Vincentas Nesavas ist Ende 30. Der Arzt aus Litauen fühlt sich auf dem Rhön-Klinikum-Campus in Bad Neustadt wohl. Nesavas hat sich gut eingelebt und Deutsch gelernt. Mit seiner Arbeit als Stationsarzt an der Psychosomatischen Klinik ist er zufrieden. In Bad Kissingen hat Nesavas außerdem eine neue Heimat für sich, seine Frau und die zwei Kinder gefunden. Die Kinder haben Freunde in der Grundschule und am Gymnasium, seine Frau arbeitet als wissenschaftliche Mitarbeiterin in der medizinischen Forschung. In nur drei Jahren haben die Nesavas einen kompletten Neuanfang gemeistert.
„Zuerst habe ich mich nach Skandinavien beworben, aber das hat nicht geklappt“, erzählt Nesavas. Er hatte in Litauen Medizin studiert und praktizierte als Arzt. Allerdings war es ihm nicht möglich, sich zum Facharzt für Psychologie fortzubilden und parallel als Arzt zu arbeiten. Also suchte er nach Alternativen. „Ein Freund erzählte mir, dass in Deutschland Ärzte gebraucht werden“, sagt er. Nesavas bewarb sich erfolgreich auf das Scholarship-Programm des Rhön-Klinikums.
Das Scholarship-Programm ist ein Stipendium, das seit gut drei Jahren vom Rhön-Klinikum an ausländische Medizinabsolventen vergeben wird. Deutschland sei bei der Ausbildung von Fachärzten auf Migranten angewiesen „Wir hatten schon vor drei Jahren eine große Zahl ausländischer Ärzte in Deutschland. Die Entwicklung war absehbar“, sagt Professor Bernd Griewing, ärztlicher Direktor in der Neurologie.
Das Programm haben bislang 66 Nachwuchsärzte absolviert. „Etwa 80 Prozent der Leute bleiben vor Ort“, sagt Griewing. Heute sei etwa jeder Vierte der 250 Rhön-Klinikum-Ärzte Migrant. Griewing glaubt, dass das Programm langfristig der ärztlichen Versorgung auf dem Land dient.

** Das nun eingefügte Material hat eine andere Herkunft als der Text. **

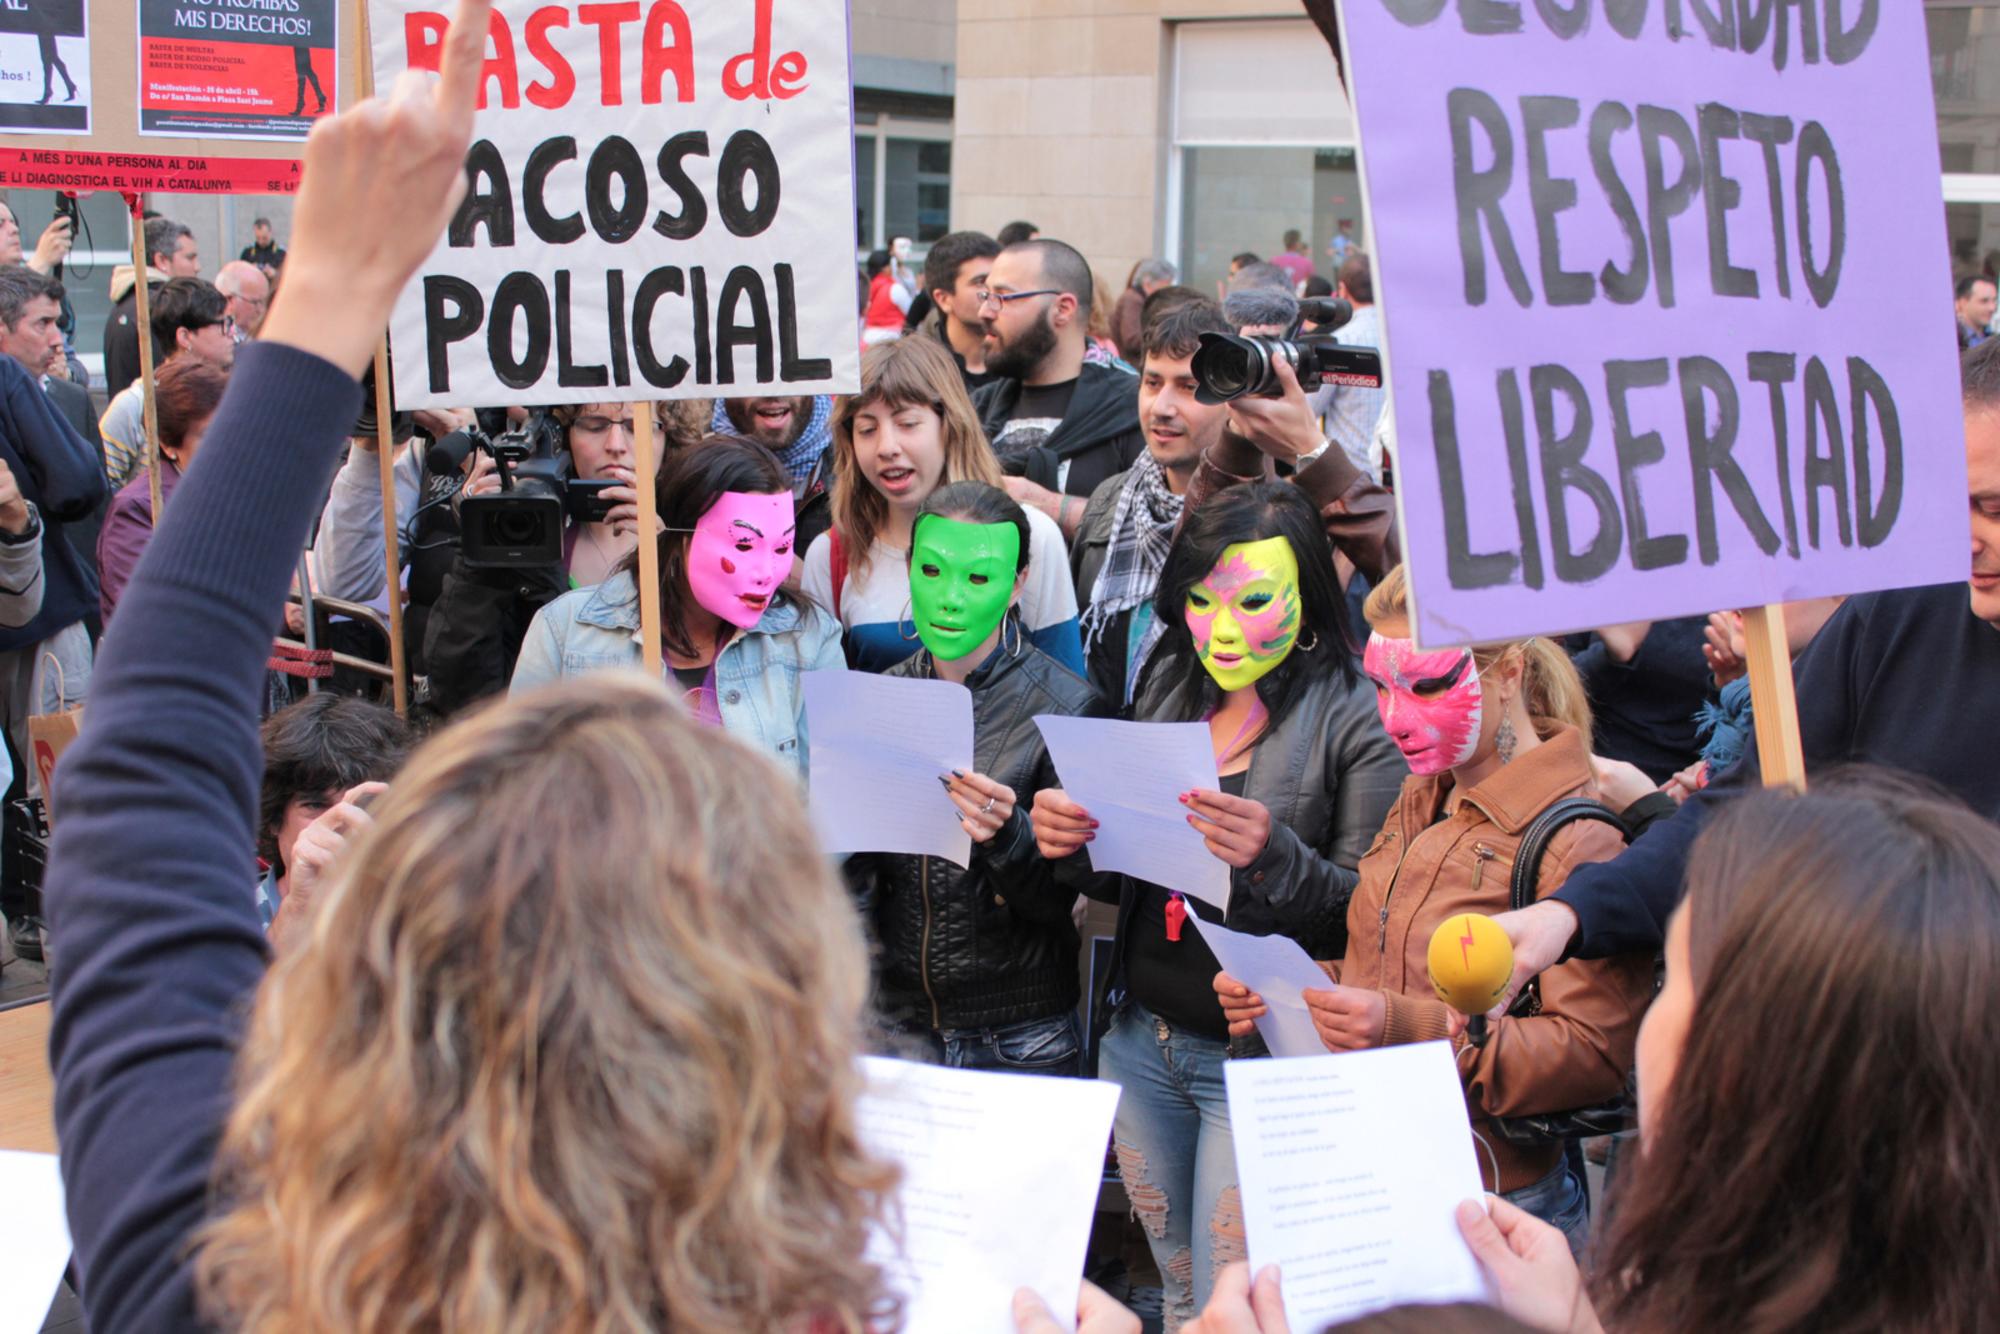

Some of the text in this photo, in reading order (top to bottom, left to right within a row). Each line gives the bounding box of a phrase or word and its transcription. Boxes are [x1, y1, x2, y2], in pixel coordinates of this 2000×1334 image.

[175, 9, 311, 36] MIS DERECHOS!
[721, 0, 810, 101] de
[11, 172, 22, 183] LI
[26, 172, 109, 186] DIAGNOSTICA
[113, 176, 128, 187] EL
[131, 177, 152, 188] VIH
[157, 179, 164, 189] A
[169, 179, 232, 190] CATALUNYA
[20, 151, 207, 170] A MÉS D'UNA PERSONA AL DIA
[267, 180, 281, 192] SE
[290, 162, 298, 173] A
[448, 129, 781, 248] ACOSO
[1446, 86, 1846, 309] RESPETO
[424, 263, 832, 394] POLICIAL
[1428, 350, 1904, 591] LIBERTAD

Christiane Hanshans betreut das Programm. Zweimal jährlich werden zehn Stipendien angeboten. „Das umfasst eine sechsmonatige Hospitationsphase mit Deutschkurs“, sagt sie. Die jungen Mediziner werden fachlich wie sprachlich geschult. Jeder Stipendiat bekommt einen Arzt als Tutor zugeteilt. Christiane Hanshans organisiert die Unterbringung im Gästehaus, gestaltet Freizeitangebote und hilft, Bürokratie zu erledigen. „Das alles könnten die Stipendiaten allein nur schwer bewältigen“, sagt sie. Sie hält den Medizinern den Rücken frei, damit die sich auf die Betreuung der Patienten und das Lernen der Sprache konzentrieren. Hanshans: „Die Leute sind fachlich gut ausgebildet, aber die Patienten möchten, dass der Arzt mit ihnen auch über die Enkel plaudert.“
Nach der Hospitationszeit haben die Stipendiaten die Chance auf eine Festanstellung. „Wenn die Ärzte in einem Anstellungsverhältnis stehen, möchten wir sie nicht allein lassen.“ Die Aufenthaltsgenehmigung muss beantragt, die ausländische Approbation anerkannt oder der Familiennachzug geregelt werden, wie bei Vincentas Nesavas. „Das Programm lebt von der sozialen Komponente“, sagt Professor Griewing. Das Hauptaugenmerk liege darauf, dass die Familien sich gut in Deutschland einleben. Hanshans hilft auch Kindergartenplätze zu finden, Sprachunterricht für Kinder zu organisieren und dem Partner dabei, Arbeit zu suchen.
Blue Card
Seit September 2012 wird die Blue Card deutschlandweit als Aufenthaltserlaubnis für gut ausgebildete Ausländer erteilt. Sie gilt für Staatsangehörige, für die das EU-Freizügigkeitsabkommen nicht gültig ist, beispielsweise Nicht-EU-Ausländer. Das Bad Kissinger Ausländeramt hat bislang insgesamt 40 Blue Cards ausgestellt. Von den betreffenden Personen leben noch 20 im Landkreis, die Mehrheit sind Ärzte. Die meisten Blue Card Inhaber sind Serben, Syrer und Israelis.